Set the data down again so that every line matches exactly.

(Items from a dataset)
'''
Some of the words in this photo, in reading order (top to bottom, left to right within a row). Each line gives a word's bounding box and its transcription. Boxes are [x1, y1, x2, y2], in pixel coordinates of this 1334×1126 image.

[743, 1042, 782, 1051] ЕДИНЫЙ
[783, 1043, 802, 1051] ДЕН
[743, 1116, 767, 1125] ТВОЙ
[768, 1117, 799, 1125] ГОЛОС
'''
## FINAL ANSWER
Some of the words in this photo, in reading order (top to bottom, left to right within a row). Each line gives a word's bounding box and its transcription. Boxes are [x1, y1, x2, y2], in pixel coordinates of this 1334×1126 image.

[743, 1042, 782, 1051] ЕДИНЫЙ
[783, 1043, 802, 1051] ДЕН
[743, 1116, 767, 1125] ТВОЙ
[768, 1117, 799, 1125] ГОЛОС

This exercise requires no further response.